Dataset items
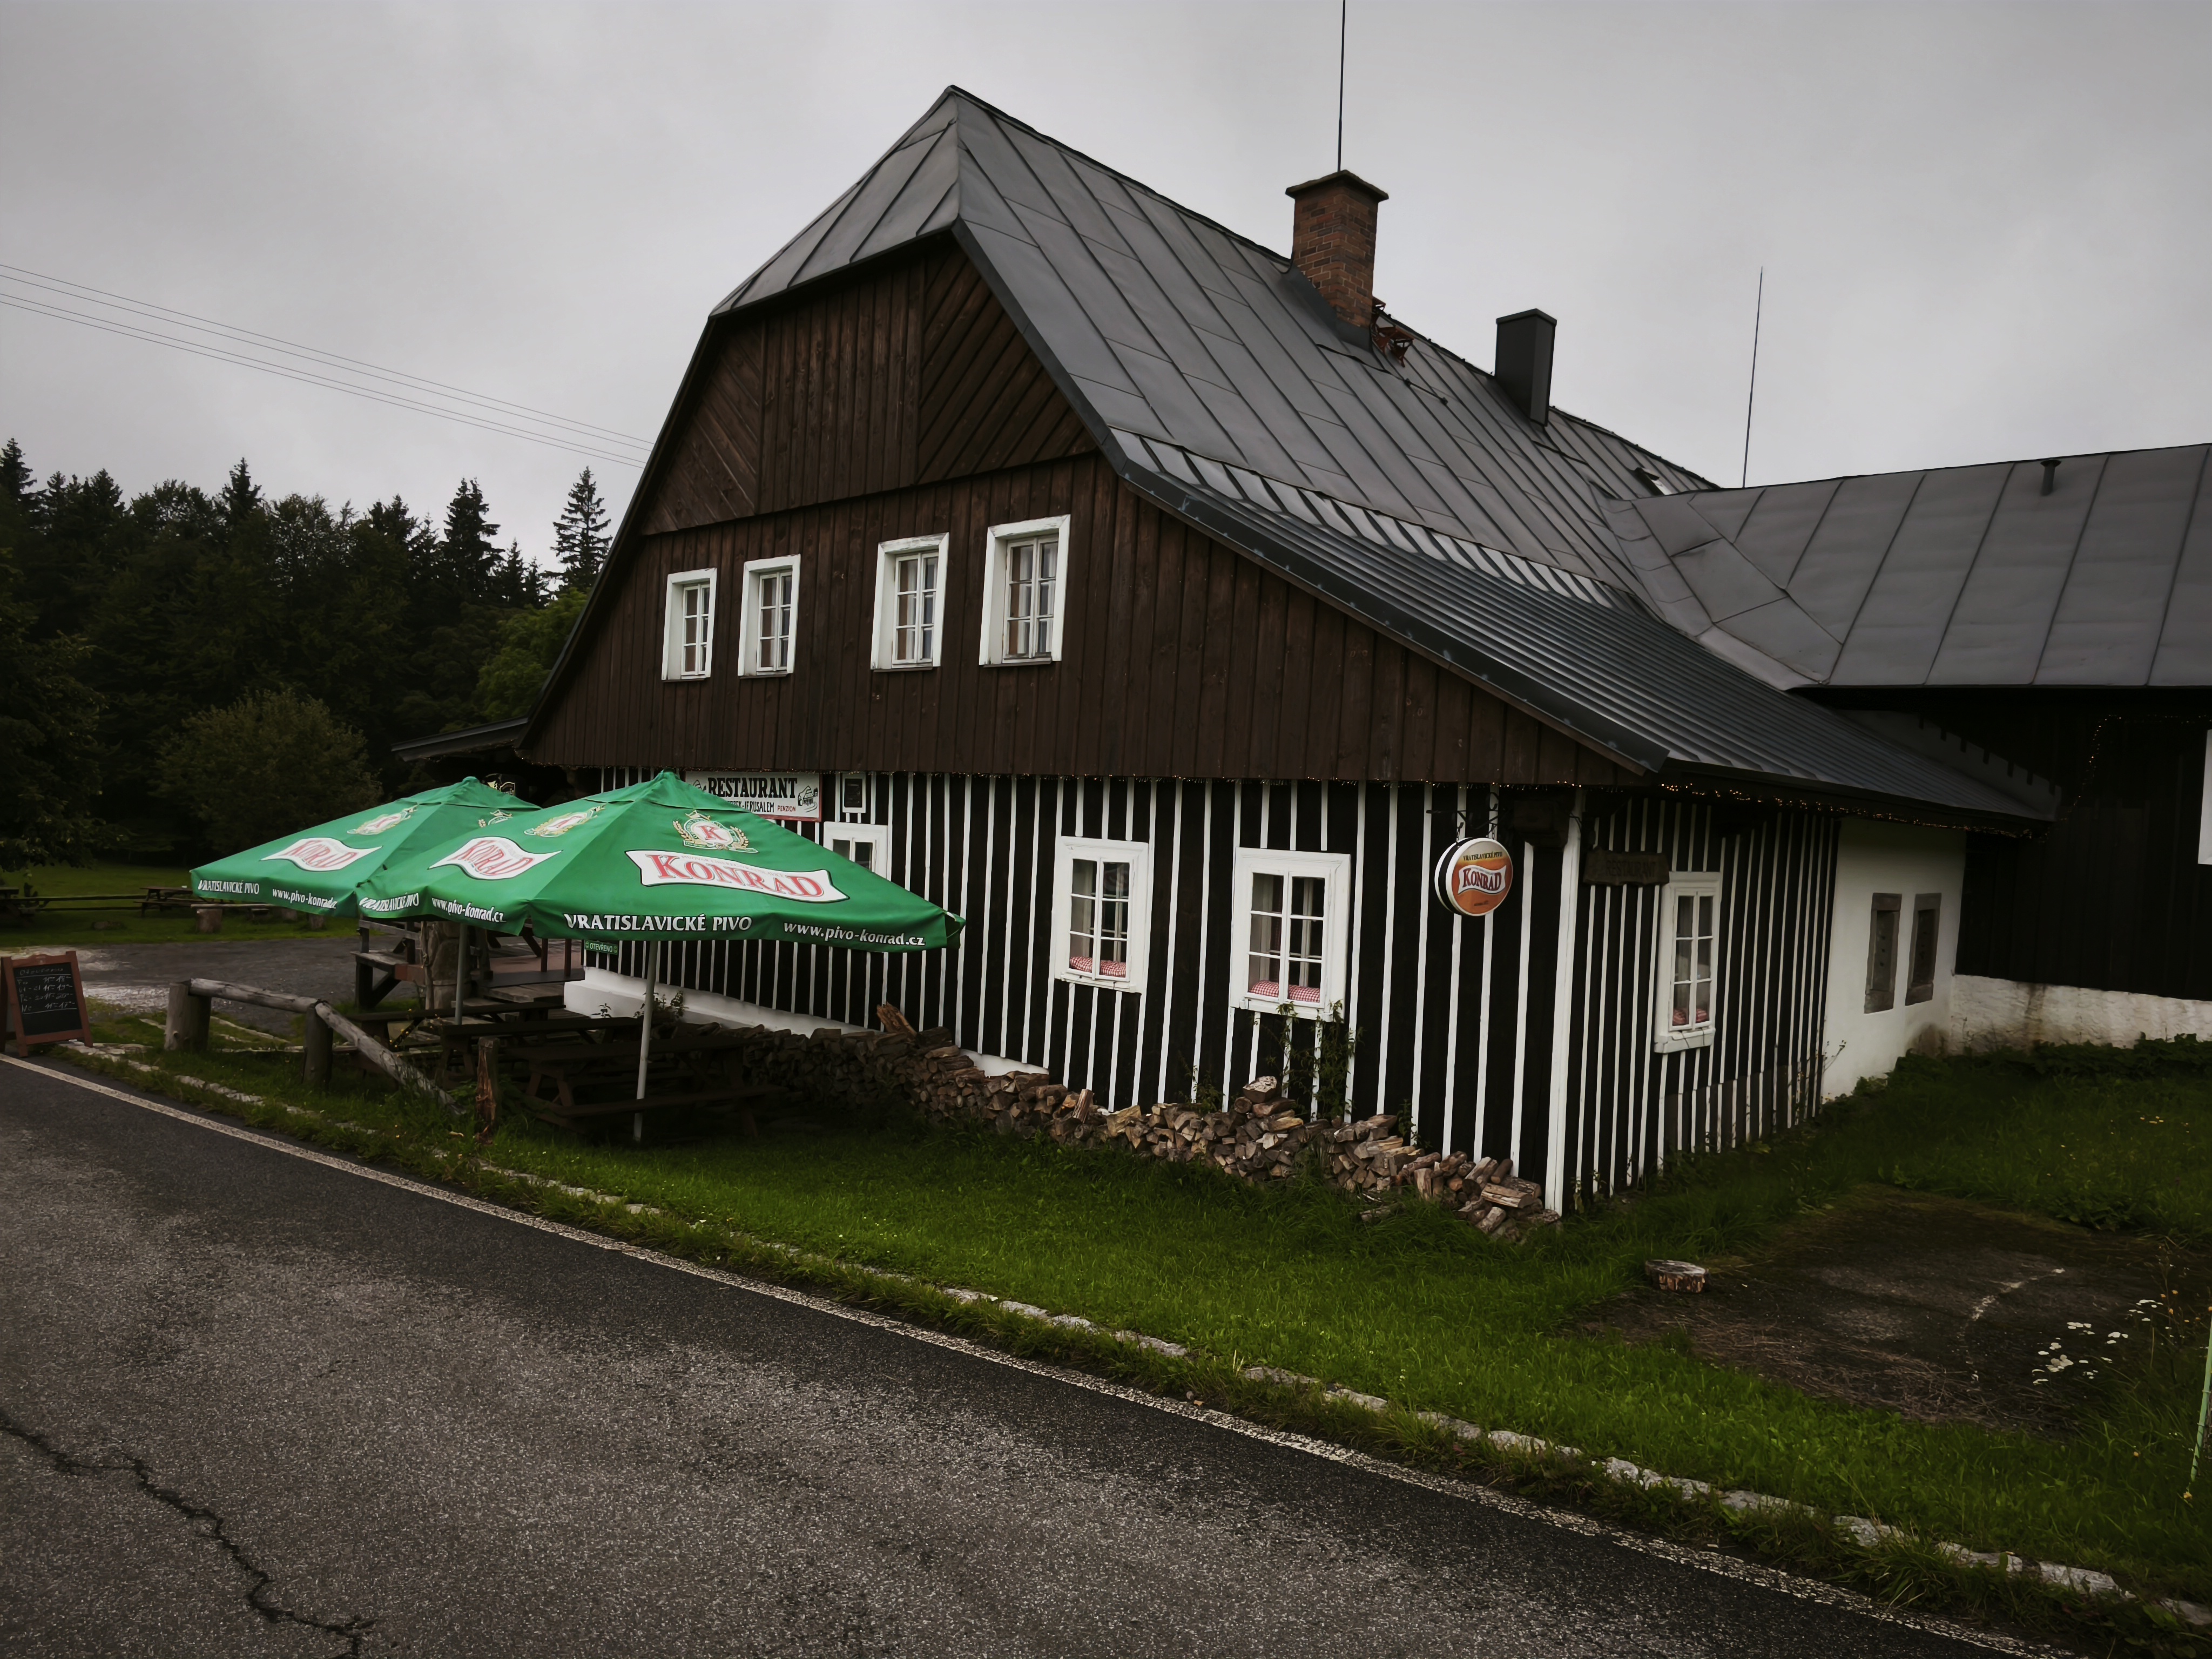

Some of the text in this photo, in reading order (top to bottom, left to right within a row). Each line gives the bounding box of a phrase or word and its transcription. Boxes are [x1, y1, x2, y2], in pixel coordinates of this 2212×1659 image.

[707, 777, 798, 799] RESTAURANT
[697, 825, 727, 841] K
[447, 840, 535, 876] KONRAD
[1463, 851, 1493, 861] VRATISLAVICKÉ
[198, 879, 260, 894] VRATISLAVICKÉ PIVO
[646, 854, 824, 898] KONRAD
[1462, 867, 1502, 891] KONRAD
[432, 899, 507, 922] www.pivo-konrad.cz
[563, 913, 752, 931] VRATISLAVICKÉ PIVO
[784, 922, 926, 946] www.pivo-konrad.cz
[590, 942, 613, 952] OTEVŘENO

**Directions for this task**
The data is to be printed again exactly, but without its pictures.

**Written answer**
Some of the text in this photo, in reading order (top to bottom, left to right within a row). Each line gives the bounding box of a phrase or word and its transcription. Boxes are [x1, y1, x2, y2], in pixel coordinates of this 2212×1659 image.

[707, 777, 798, 799] RESTAURANT
[697, 825, 727, 841] K
[447, 840, 535, 876] KONRAD
[1463, 851, 1493, 861] VRATISLAVICKÉ
[198, 879, 260, 894] VRATISLAVICKÉ PIVO
[646, 854, 824, 898] KONRAD
[1462, 867, 1502, 891] KONRAD
[432, 899, 507, 922] www.pivo-konrad.cz
[563, 913, 752, 931] VRATISLAVICKÉ PIVO
[784, 922, 926, 946] www.pivo-konrad.cz
[590, 942, 613, 952] OTEVŘENO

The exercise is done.